The big data discipline uses a multi-scientific approach to analyzing and forecasting data, combining computer science, mathematical modeling, and statistics. Access to data and methods for working with it have emerged as critical factors. Companies may reliably manage big data by using and implementing artificial intelligence and machine learning (ML) techniques [3].

A growing number of security risks are associated with the widespread use and storage of data online. These risks arise from the proliferation of attacks that try to gain unauthorized access to the private information of people and organizations [4].

SQLIA is among the most harmful assaults on database servers. By taking advantage of security holes, attackers may compromise users’ and businesses’ data by tampering with, reading, erasing, or making copies of it [5].

Structured query language (SQL) injection flaws exist in every parameter a program uses to send an attack to a database. An attacker may use various techniques in this kind of attack to gain unauthorized entry to databases and extract information. The injection mechanism describes these procedures. The techniques used are primarily divided into four categories: injection through cookies, injection through user input, injection through server variables, and second-order or stored injections [6].

The increasing data exchange between individuals and institutions and daily transactions in various fields have made data vulnerable to many attacks, such as illegal access. One of the most well-known attacks is SQLIA. Standard methods for detecting and preventing these attacks can provide good results when dealing with small data. However, these approaches do not work effectively with big data. Hence, another approach must be developed to deal with big data and detect attacks against them.

This study was conducted to overcome the problems in previous works, which often did not mention the time taken during the testing phase to detect the type of request sent by the user and whether it contains harmful or benign payloads. In addition, the data protection method used when the protection model is alongside the user layer or the data layer was not addressed. Accordingly, the aims of this study are as follows:

To create a layer that separates the user layer from the data layer to increase data protection and prevent unauthorized access.
To protect user and institutional data, ensuring confidentiality, integrity, and prompt availability of data.
To reduce the time required to classify the payloads sent to the data layer.

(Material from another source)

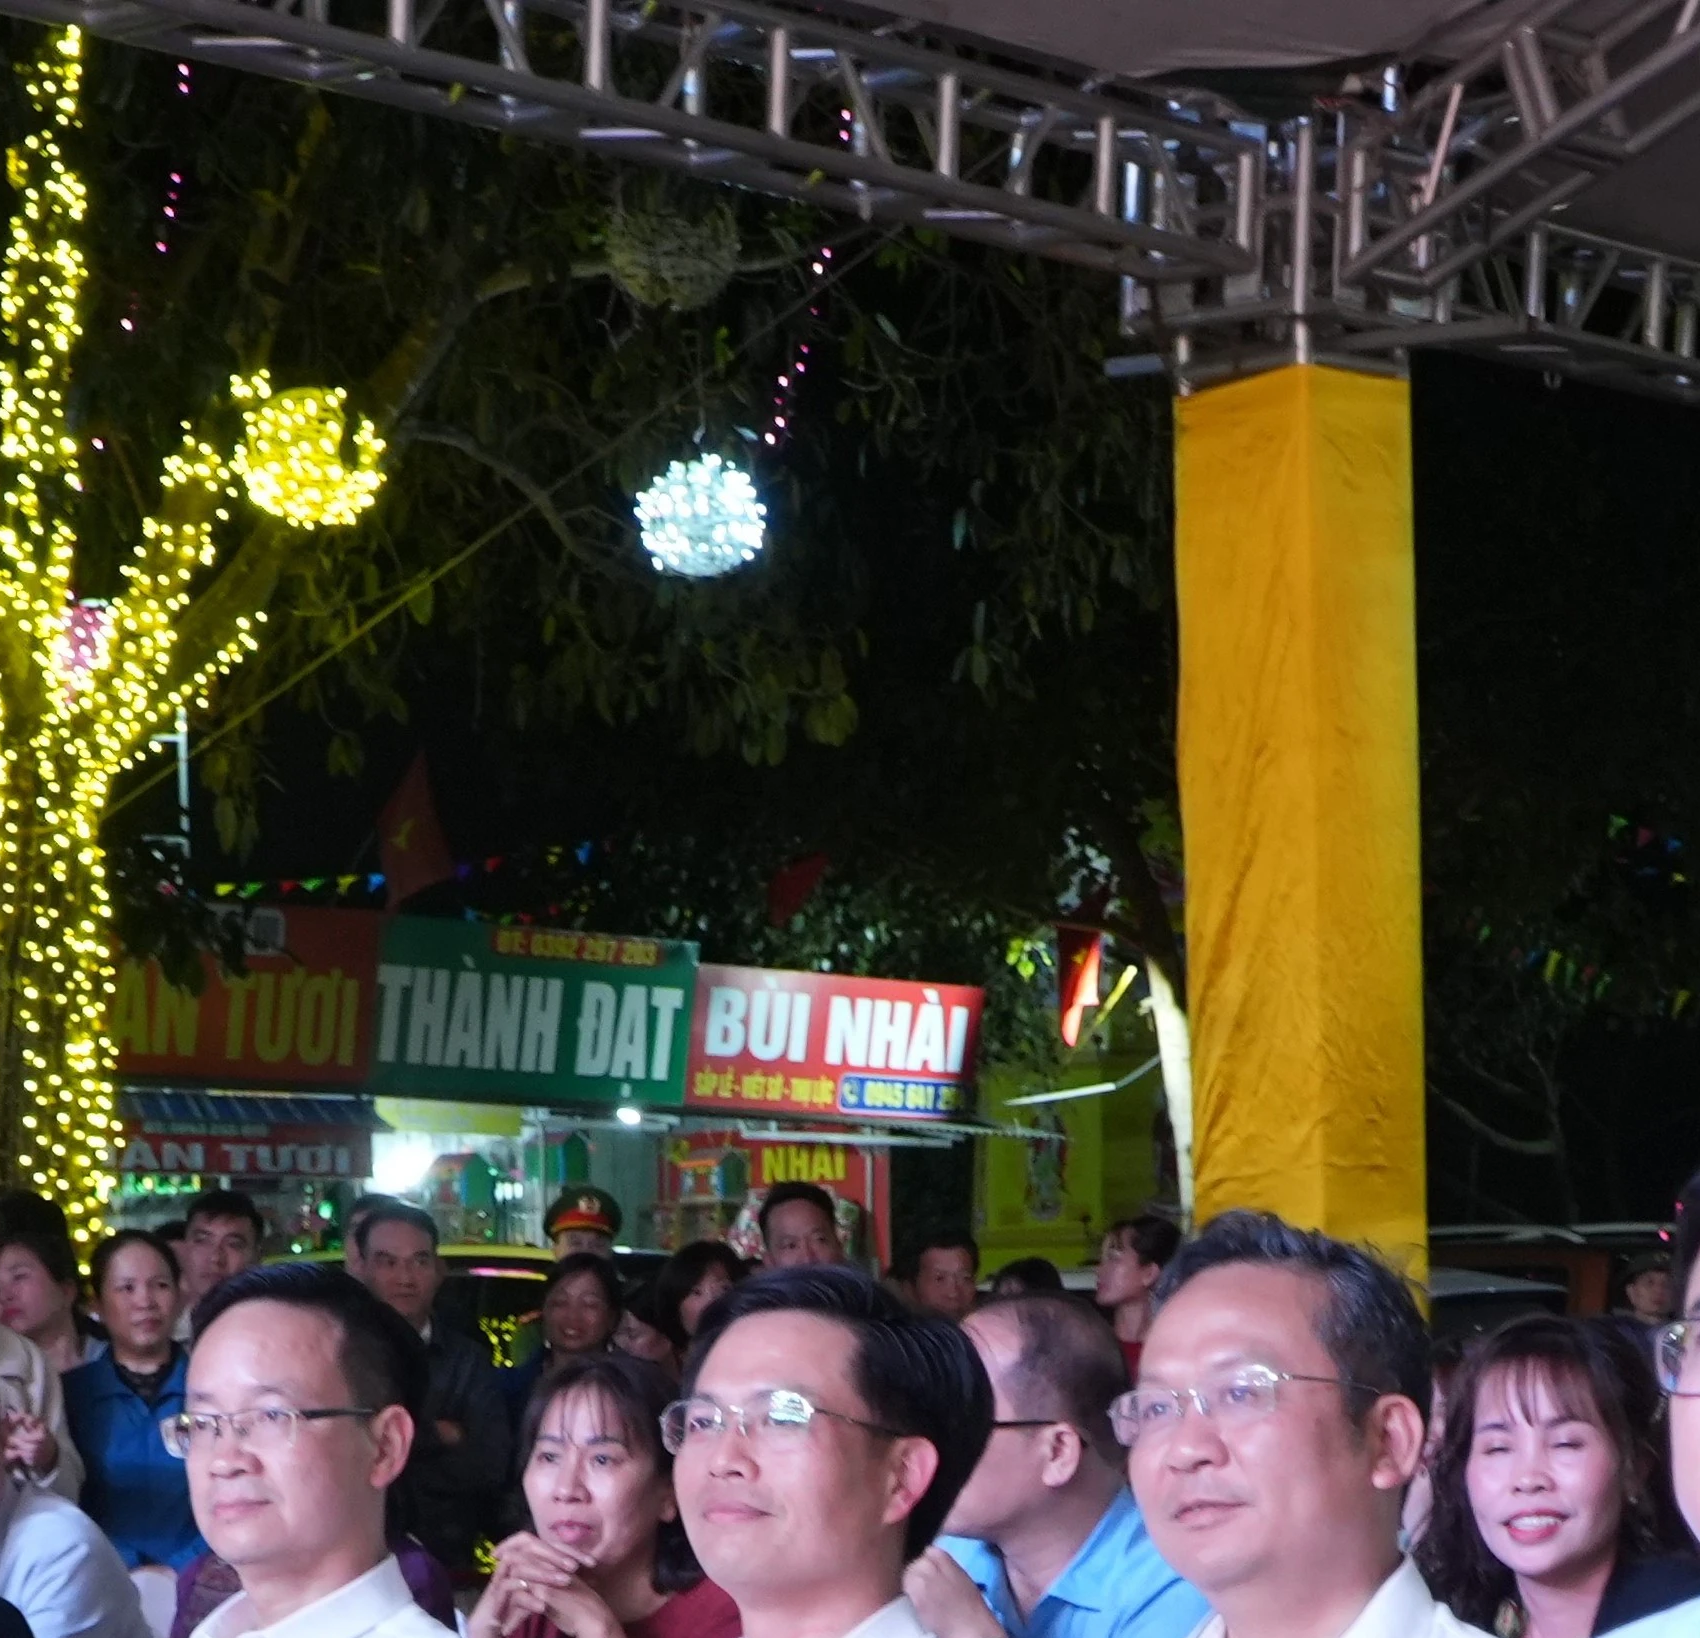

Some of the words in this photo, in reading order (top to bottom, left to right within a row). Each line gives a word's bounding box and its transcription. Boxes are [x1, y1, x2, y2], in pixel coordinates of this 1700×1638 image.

In this research, we presented an approach for detecting the real-time SQLIA by applying a logistic regression (LR) approach in a big data environment using a distributed Spark ML system that acts as a middle protection layer between the client and the database server to increase data protection and the classification accuracy of the sent payload. The contributions of this model are as follows:

The first contribution of this model is that it proposes an approach that uses a middle layer between the data layer and the user layer to receive SQL payloads from the user layer and analyze them to classify whether the request is harmful or benign by using the LR approach with the big data framework Spark ML library. This layer prevents users from directly accessing data, thereby further protecting the data layer from unauthorized access and from violations of the principles of basic information security.
The second contribution is that the time taken to classify the request type is reduced by using the Spark ML library because Spark ML works in the memory in a distributed way, thereby reducing the time taken to classify the payload type.

The subsequent sections are organized as follows. The second section of this study will address the proposed methodology for identifying and mitigating SQLIA within a big data setting. The third section presents the outcomes. The final section provides the conclusions.

2 Methodology

The proposed framework for detecting SQL injection attacks in a big data environment consists of three layers. The first layer is the user layer, through which user requests are sent. The second layer represents the protection layer, which includes the proposed framework for classifying requests sent from the first layer. This layer consists of several stages, as illustrated in the following.

Stage 1: Data that contain both malicious and benign payloads are collected to train the proposed model.

Stage 2: Pre-processing is applied to the acquired data.

Stage 3: The acquired data are divided into two sets for training and testing.

Stage 4: The first dataset is used to train the proposed model using LR.

Stage 5: The second dataset is used to test the model.

Stage 6: The model is evaluated using a confusion matrix and a set of metrics to measure the performance efficiency.

In the second layer, the LR approach determines whether incoming order loads are harmful or not. The third layer represents the data layer that needs to be protected from attacks by unauthorized individuals who try to access this data.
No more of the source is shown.